The burning of fossil fuels, such as coal, oil and gas, generates greenhouse gas emissions that act as a large wool blanket, trapping the sun’s heat and raising the Earth’s temperatures. Greenhouse gasses, including carbon dioxide and methane, are also released from deforestation and garbage landfills. Most, if not all, sectors of human civilization — our energy use, transportation, building construction, agricultural practices, product manufacturing and more — are emitters of greenhouse gasses.

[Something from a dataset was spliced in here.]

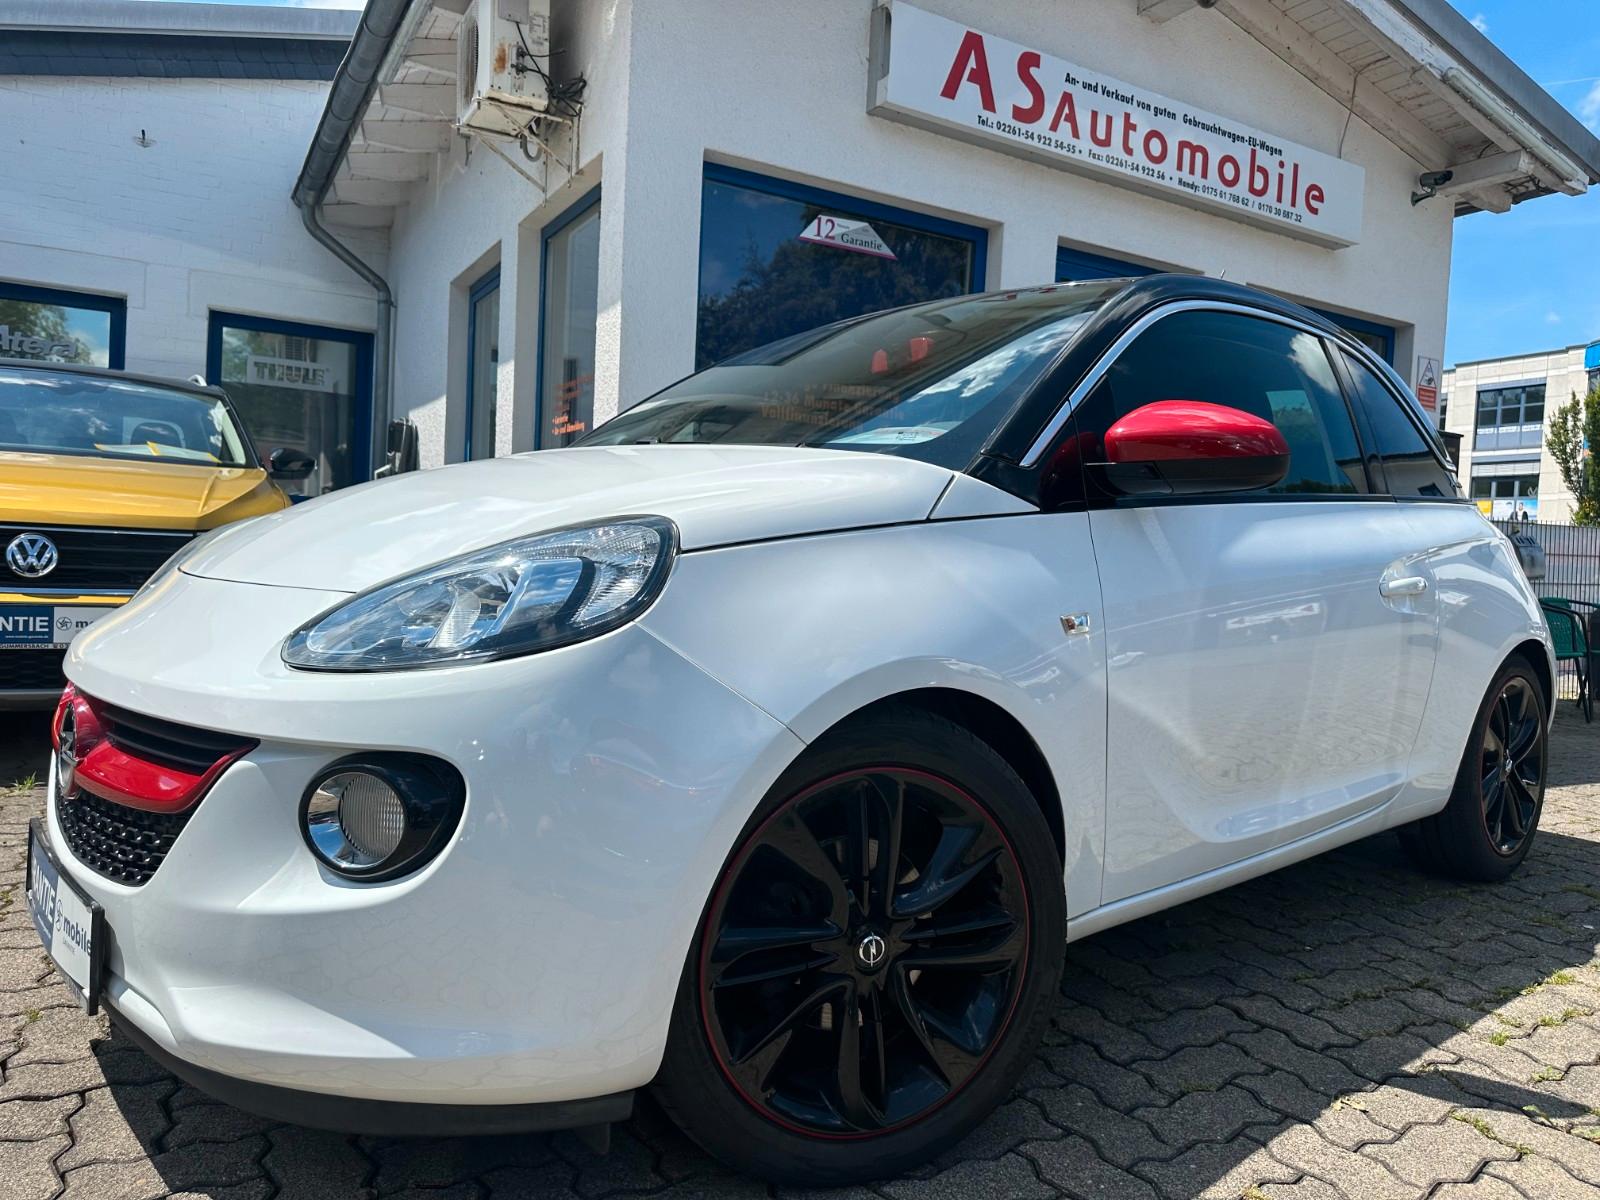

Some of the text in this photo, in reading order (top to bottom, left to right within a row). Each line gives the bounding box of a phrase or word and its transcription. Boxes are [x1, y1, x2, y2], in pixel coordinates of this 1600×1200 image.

The effects of global warming are evident from the increase in average temperatures of the Earth’s atmosphere and its oceans, which has also directly contributed to sea level rise; ice loss at Earth’s poles and in mountain glaciers; changes in the frequency and severity of climate extremes; habitat loss; and species extinction, to name but a few.
To put the effects into perspective, global temperatures have reached record-breaking levels with 2016, 2019 and 2020 ranking the top three warmest years on record. Earth’s average surface temperature has also risen about 2 degrees Fahrenheit (1 degrees Celsius) since the late 19th century and greenhouse gas concentrations are at their highest levels in 2 million years. Thousands of scientists and government reviewers agreed that limiting global temperature increases to no more than 1.5°C would help maintain a livable climate and avoid the worst climate extremes. However, based on current trends and national climate plans (or the lack thereof), global warming is projected to increase by 2.7°C by 2100.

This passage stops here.